WHAT YOU SHOULD DO: Transcribe all of the entries below exactly. Leave out the pictures.

(Data records)
+-------+

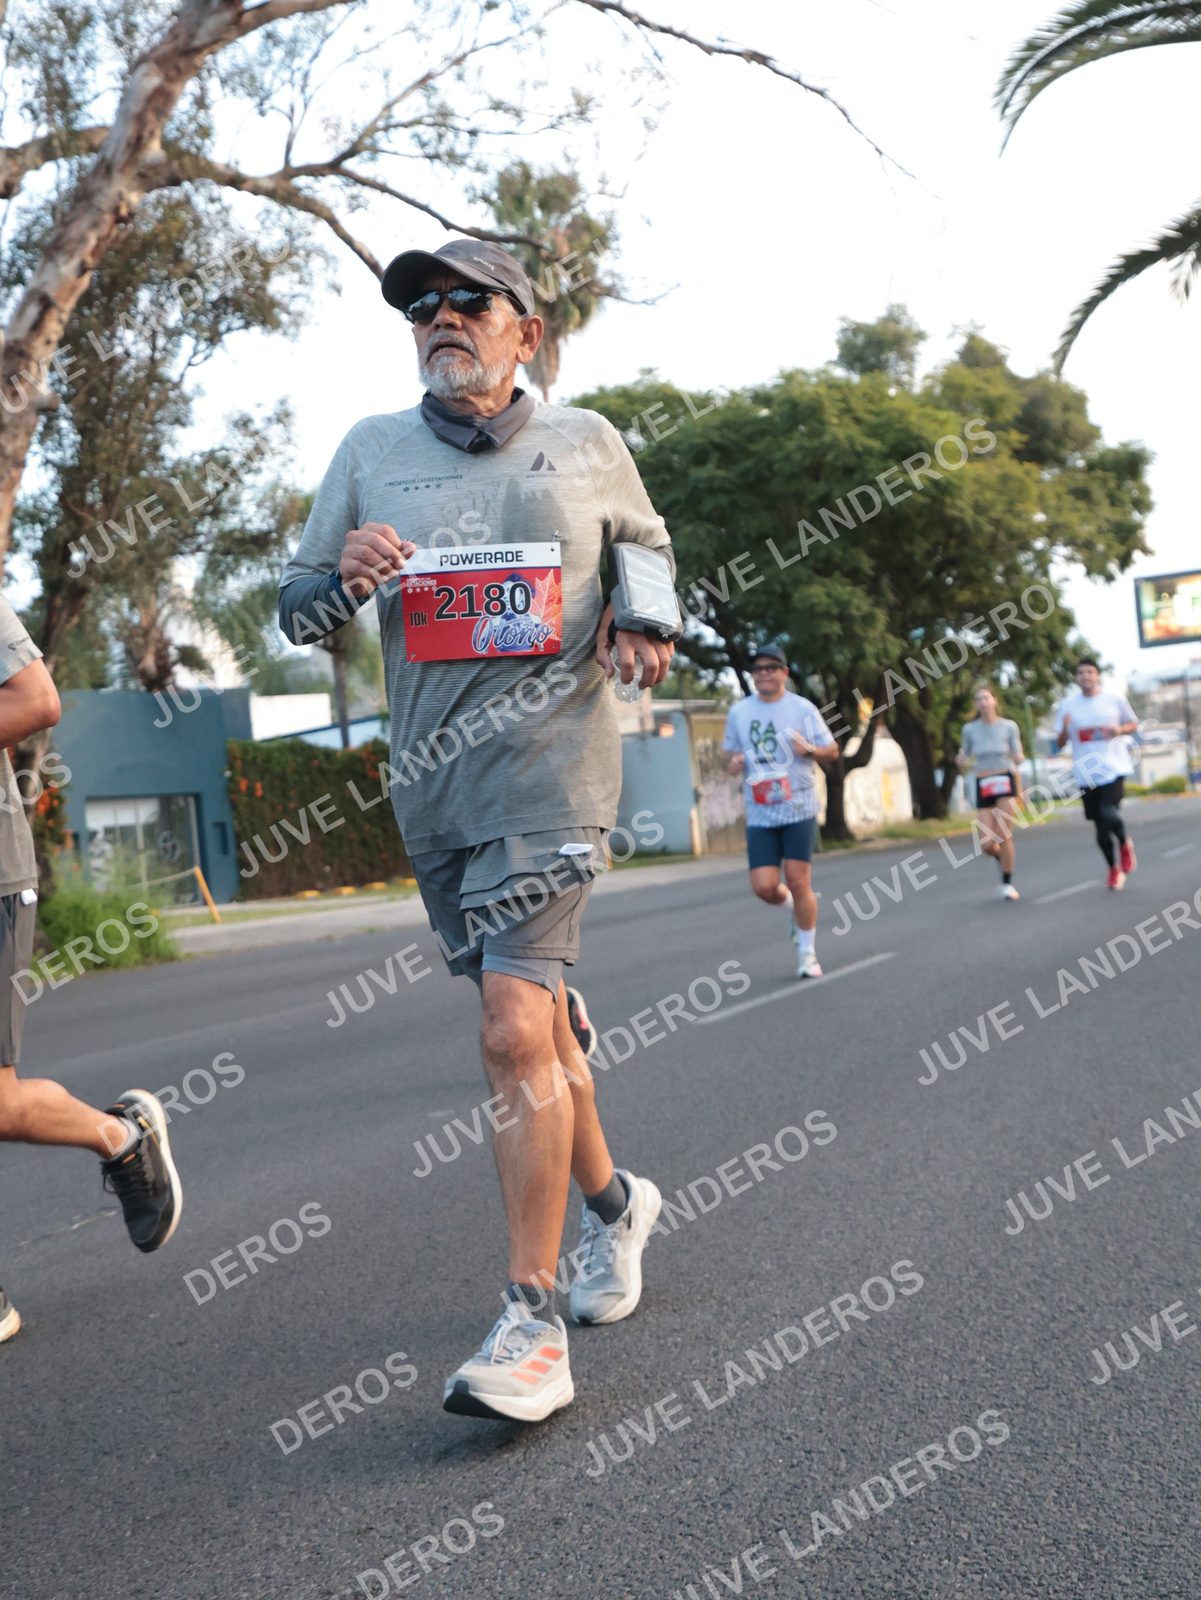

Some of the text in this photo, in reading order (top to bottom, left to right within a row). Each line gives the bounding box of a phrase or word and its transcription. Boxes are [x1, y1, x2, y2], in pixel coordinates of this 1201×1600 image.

[440, 551, 524, 566] POWERADE
[433, 581, 532, 621] 2180
[410, 611, 427, 627] 10k
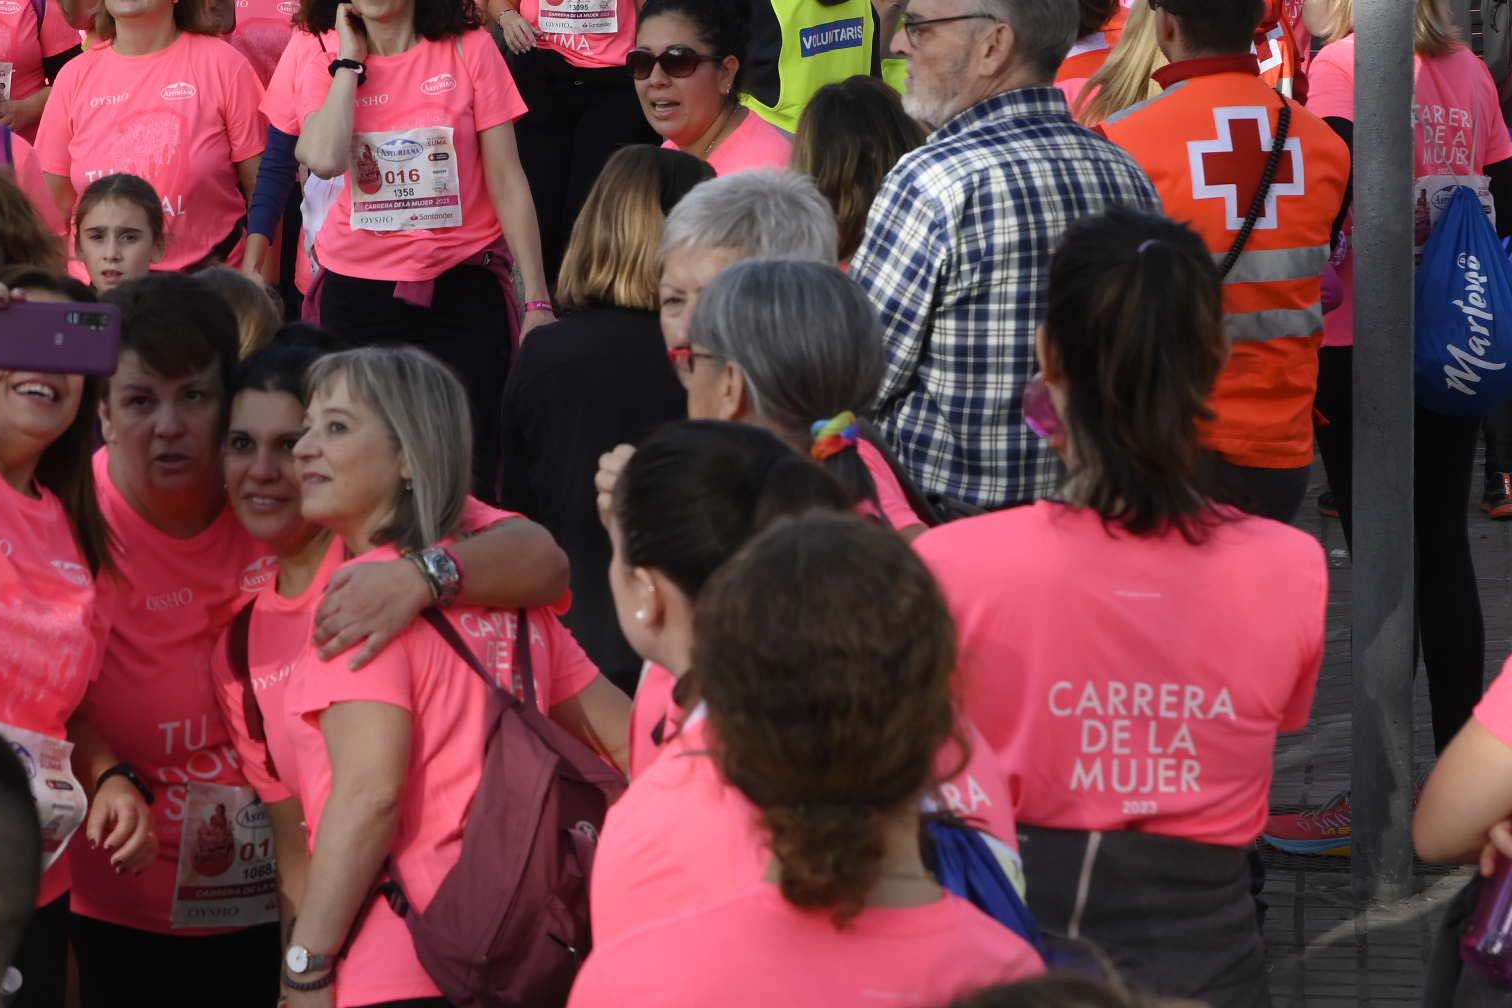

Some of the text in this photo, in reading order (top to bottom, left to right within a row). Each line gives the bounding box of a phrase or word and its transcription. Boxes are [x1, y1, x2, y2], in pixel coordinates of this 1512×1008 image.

[90, 93, 130, 108] OYSHO
[384, 168, 421, 185] 016
[393, 188, 415, 198] 1358
[364, 201, 393, 210] CARRERA
[411, 200, 434, 208] MUJER
[360, 212, 455, 224] OYSHO Santander
[1048, 680, 1237, 720] CARRERA
[158, 713, 208, 755] TU
[1080, 719, 1197, 756] DE LA
[1069, 758, 1201, 793] MUJER
[1122, 799, 1158, 815] 2023
[240, 838, 271, 863] 01
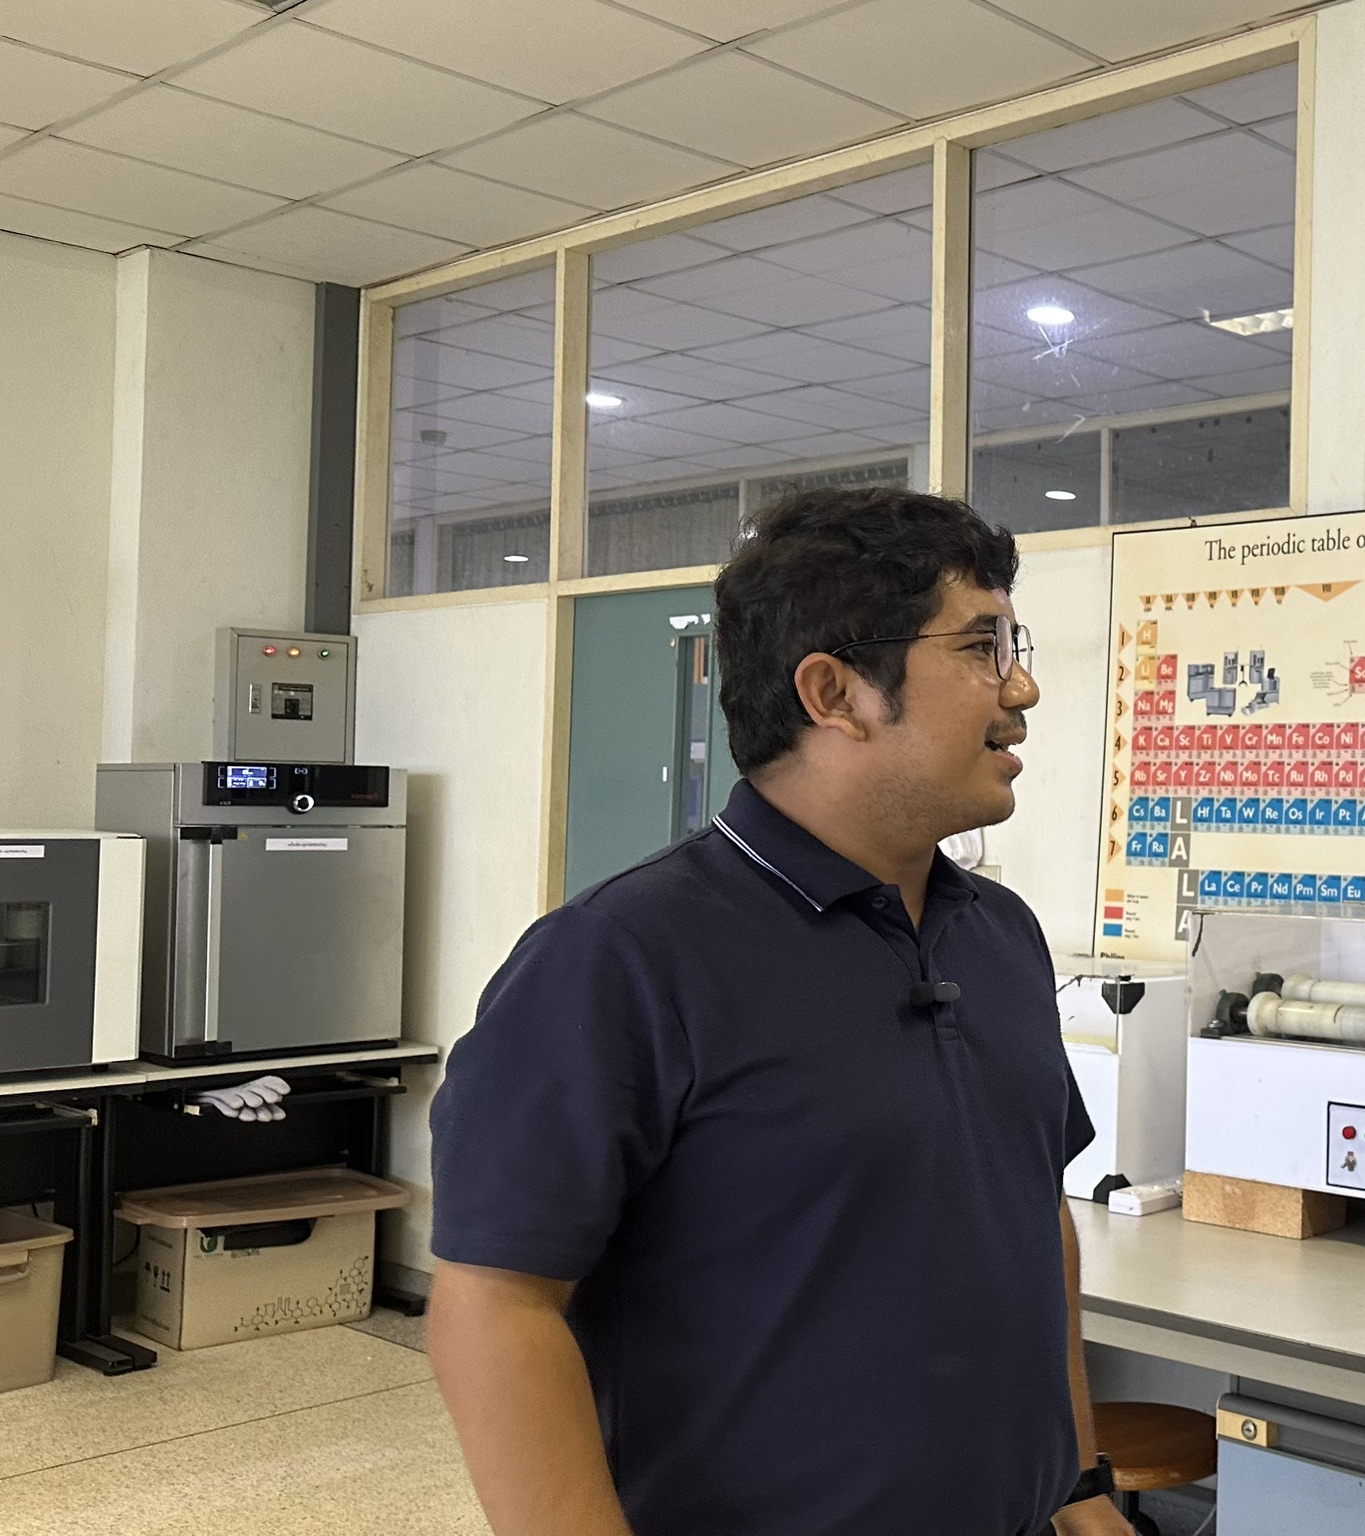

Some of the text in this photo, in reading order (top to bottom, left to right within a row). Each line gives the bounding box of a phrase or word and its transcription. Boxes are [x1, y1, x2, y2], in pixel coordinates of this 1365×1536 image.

[1204, 538, 1236, 561] The
[1241, 532, 1306, 566] periodic
[1311, 527, 1351, 553] table
[1118, 665, 1125, 682] 2
[1160, 663, 1173, 675] Be
[1116, 699, 1174, 717] 3 Na Mg
[1114, 735, 1121, 751] 4
[1156, 734, 1170, 746] Ca
[1179, 734, 1190, 746] Sc
[1201, 733, 1212, 745] Ti
[1244, 733, 1259, 745] Cr
[1266, 733, 1283, 745] Mn
[1292, 732, 1305, 745] Fe
[1314, 732, 1330, 745] Co
[1340, 732, 1353, 744] Ni
[1113, 769, 1120, 787] 5
[1134, 770, 1147, 782] Rb
[1156, 769, 1168, 782] Sr
[1198, 769, 1211, 782] Zr
[1219, 770, 1235, 782] Nb
[1242, 770, 1258, 782] Mo
[1266, 770, 1280, 782] Tc
[1290, 770, 1304, 782] Ru
[1314, 770, 1328, 782] Rh
[1338, 770, 1353, 783] Pd
[1111, 805, 1118, 822] 6
[1132, 805, 1145, 817] Cs
[1153, 805, 1166, 817] Ba
[1175, 801, 1188, 824] L
[1197, 806, 1210, 818] Hf
[1220, 806, 1232, 818] Ta
[1242, 807, 1255, 818] W
[1265, 807, 1279, 820] Re
[1288, 807, 1303, 820] Os
[1338, 808, 1351, 821] Pt
[1109, 837, 1187, 860] 7 Fr Ra A
[1182, 873, 1195, 897] L
[1204, 879, 1217, 891] La
[1226, 880, 1241, 893] Ce
[1251, 881, 1263, 893] Pr
[1273, 882, 1288, 895] Nd
[1295, 883, 1314, 896] Pm
[1320, 884, 1338, 897] Sm
[1347, 885, 1361, 898] Eu

+-------+

RESULT FOR THIS TASK:
Some of the text in this photo, in reading order (top to bottom, left to right within a row). Each line gives the bounding box of a phrase or word and its transcription. Boxes are [x1, y1, x2, y2], in pixel coordinates of this 1201×1600 image.

[440, 551, 524, 566] POWERADE
[433, 581, 532, 621] 2180
[410, 611, 427, 627] 10k

Some of the text in this photo, in reading order (top to bottom, left to right within a row). Each line gives the bounding box of a phrase or word and its transcription. Boxes are [x1, y1, x2, y2], in pixel coordinates of this 1512×1008 image.

[90, 93, 130, 108] OYSHO
[384, 168, 421, 185] 016
[393, 188, 415, 198] 1358
[364, 201, 393, 210] CARRERA
[411, 200, 434, 208] MUJER
[360, 212, 455, 224] OYSHO Santander
[1048, 680, 1237, 720] CARRERA
[158, 713, 208, 755] TU
[1080, 719, 1197, 756] DE LA
[1069, 758, 1201, 793] MUJER
[1122, 799, 1158, 815] 2023
[240, 838, 271, 863] 01

Some of the text in this photo, in reading order (top to bottom, left to right within a row). Each line gives the bounding box of a phrase or word and its transcription. Boxes are [x1, y1, x2, y2], in pixel coordinates of this 1365×1536 image.

[1204, 538, 1236, 561] The
[1241, 532, 1306, 566] periodic
[1311, 527, 1351, 553] table
[1118, 665, 1125, 682] 2
[1160, 663, 1173, 675] Be
[1116, 699, 1174, 717] 3 Na Mg
[1114, 735, 1121, 751] 4
[1156, 734, 1170, 746] Ca
[1179, 734, 1190, 746] Sc
[1201, 733, 1212, 745] Ti
[1244, 733, 1259, 745] Cr
[1266, 733, 1283, 745] Mn
[1292, 732, 1305, 745] Fe
[1314, 732, 1330, 745] Co
[1340, 732, 1353, 744] Ni
[1113, 769, 1120, 787] 5
[1134, 770, 1147, 782] Rb
[1156, 769, 1168, 782] Sr
[1198, 769, 1211, 782] Zr
[1219, 770, 1235, 782] Nb
[1242, 770, 1258, 782] Mo
[1266, 770, 1280, 782] Tc
[1290, 770, 1304, 782] Ru
[1314, 770, 1328, 782] Rh
[1338, 770, 1353, 783] Pd
[1111, 805, 1118, 822] 6
[1132, 805, 1145, 817] Cs
[1153, 805, 1166, 817] Ba
[1175, 801, 1188, 824] L
[1197, 806, 1210, 818] Hf
[1220, 806, 1232, 818] Ta
[1242, 807, 1255, 818] W
[1265, 807, 1279, 820] Re
[1288, 807, 1303, 820] Os
[1338, 808, 1351, 821] Pt
[1109, 837, 1187, 860] 7 Fr Ra A
[1182, 873, 1195, 897] L
[1204, 879, 1217, 891] La
[1226, 880, 1241, 893] Ce
[1251, 881, 1263, 893] Pr
[1273, 882, 1288, 895] Nd
[1295, 883, 1314, 896] Pm
[1320, 884, 1338, 897] Sm
[1347, 885, 1361, 898] Eu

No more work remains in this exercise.